● INSTRUCTIONS FOR THE TASK
Output all of the data below without changing a word, and exclude the pictures.

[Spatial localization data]
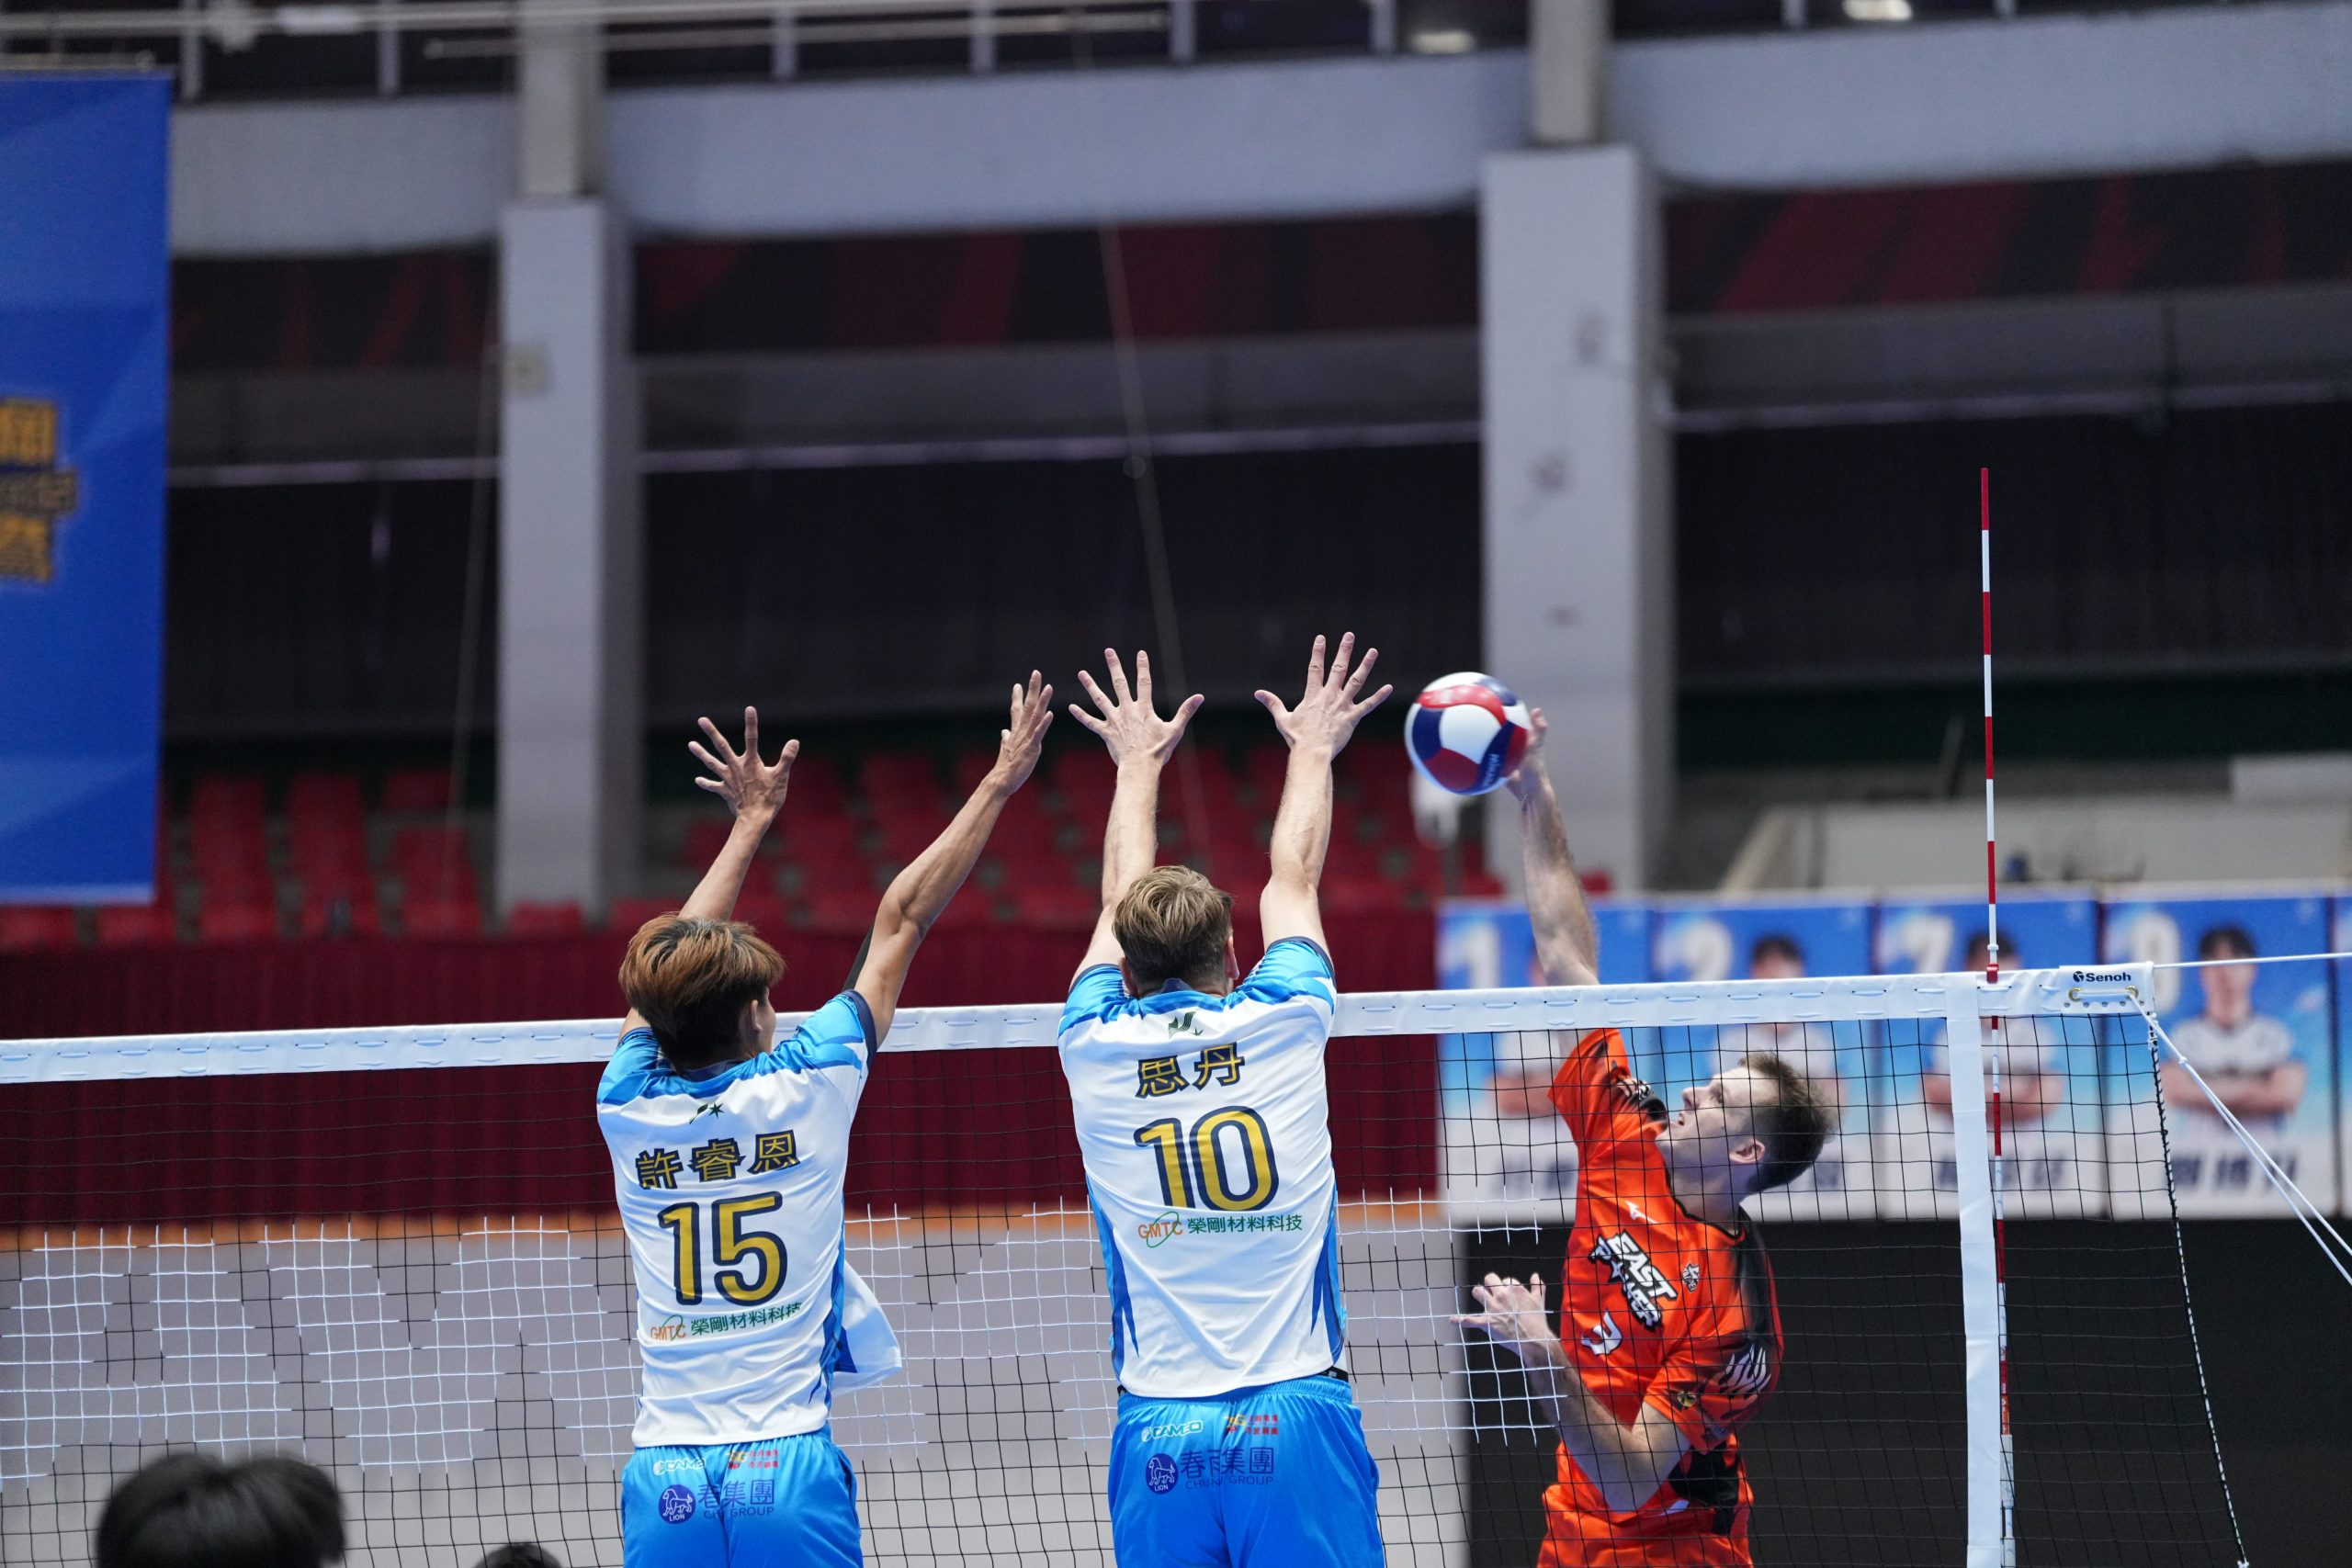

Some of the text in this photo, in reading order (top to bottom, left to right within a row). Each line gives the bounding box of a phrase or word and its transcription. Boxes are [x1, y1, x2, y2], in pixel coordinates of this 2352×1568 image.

[2086, 972, 2132, 982] Senoh
[1135, 1041, 1246, 1100] 思丹
[635, 1129, 801, 1190] 許睿恩
[1134, 1105, 1280, 1211] 10
[1137, 1213, 1303, 1240] GMTC 榮剛材料科技
[657, 1191, 788, 1306] 15
[1606, 1229, 1678, 1301] EAST
[650, 1323, 686, 1341] GMTC
[1152, 1420, 1204, 1439] CAMEO
[1154, 1483, 1169, 1492] LION
[1228, 1475, 1274, 1485] GROUP
[669, 1514, 685, 1522] LION
[730, 1506, 775, 1517] GROUP

● EXERCISE RESULT
Some of the text in this photo, in reading order (top to bottom, left to right within a row). Each line gives the bounding box of a phrase or word and its transcription. Boxes are [x1, y1, x2, y2], in pixel coordinates of this 2352×1568 image.

[2086, 972, 2132, 982] Senoh
[1135, 1041, 1246, 1100] 思丹
[635, 1129, 801, 1190] 許睿恩
[1134, 1105, 1280, 1211] 10
[1137, 1213, 1303, 1240] GMTC 榮剛材料科技
[657, 1191, 788, 1306] 15
[1606, 1229, 1678, 1301] EAST
[650, 1323, 686, 1341] GMTC
[1152, 1420, 1204, 1439] CAMEO
[1154, 1483, 1169, 1492] LION
[1228, 1475, 1274, 1485] GROUP
[669, 1514, 685, 1522] LION
[730, 1506, 775, 1517] GROUP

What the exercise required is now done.